Charley was born in Chicago in 1929 but grew up in Tampa. He was a boy when his uncle took him sailing on Lake Conway near a sleepy town called Orlando. At 10 he built his first sailboat out of discarded orange crates and sack cloth.

Professionally built sailboats were a rare sight during the World War II era in Tampa Bay. He never saw more than eight at once. Sometimes he got a loaner and sailed to St. Petersburg. At 19 his confident parents let him sail on a boat called the RED BIRD — to Havana.

Morgan attended the University of Tampa and took a job with Johnson sails. In 1952 he founded Morgan Racing Sails in Tampa, FL. While making sails Morgan met yacht designer George Luzier, who got him interested in designing boats. Morgan built the yacht BRISOTE and completed a St. Petersburg, Florida to Havana, Cuba race with Bruce Bidwell.
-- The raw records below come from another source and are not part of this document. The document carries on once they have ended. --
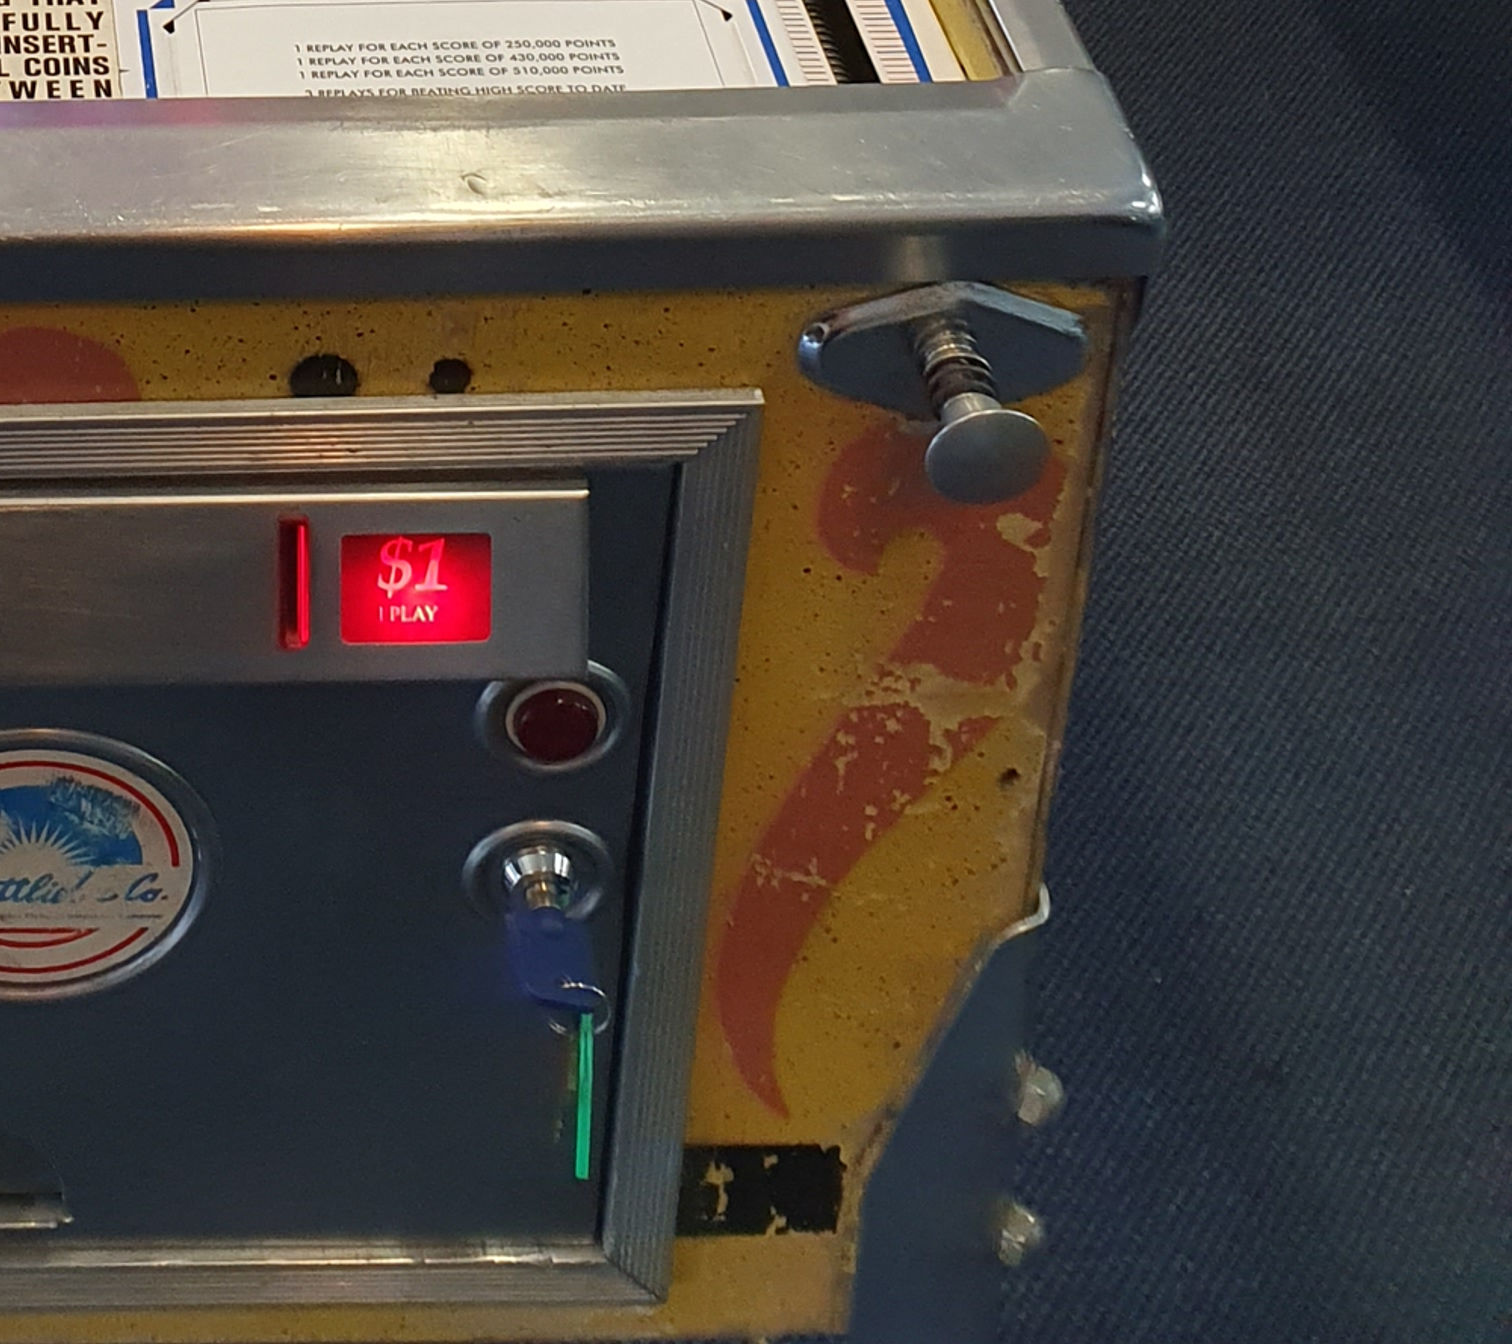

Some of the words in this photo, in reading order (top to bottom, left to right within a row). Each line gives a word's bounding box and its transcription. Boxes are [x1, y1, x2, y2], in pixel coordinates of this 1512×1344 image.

[2, 11, 104, 31] FULLY
[306, 43, 353, 53] REPLAY
[358, 43, 388, 52] FOR
[390, 42, 428, 51] EACH
[432, 41, 478, 51] SCORE
[481, 40, 501, 50] OF
[504, 39, 561, 50] 250,000
[565, 39, 617, 48] POINTS
[23, 56, 110, 76] COINS
[377, 535, 448, 599] $1
[390, 605, 438, 622] PLAY
In 1957, Morgan, along with Charlie Hunt, designed and built BRISOTE, a 31 foot plywood yawl. After successfully appealing disqualification due to a lack of engine, he entered the Havana race and took second in BRISOYE's division. In 1960 Jack Powell commissioned Morgan to build the 40 foot centerboard fiberglass yawl PAPER TIGER. The famously successful PAPER TIGER won the SORC Southern Ocean Racing Conference in 1961 and 1962. Because of that triumph, his prior success building racing sails, and a newly developed relationship with legendary yacht designer Olin Stephens; Morgan Racing Sails received an order to build some sails in 1962 for the Stephens-designed Americas’s Cup defender Columbia.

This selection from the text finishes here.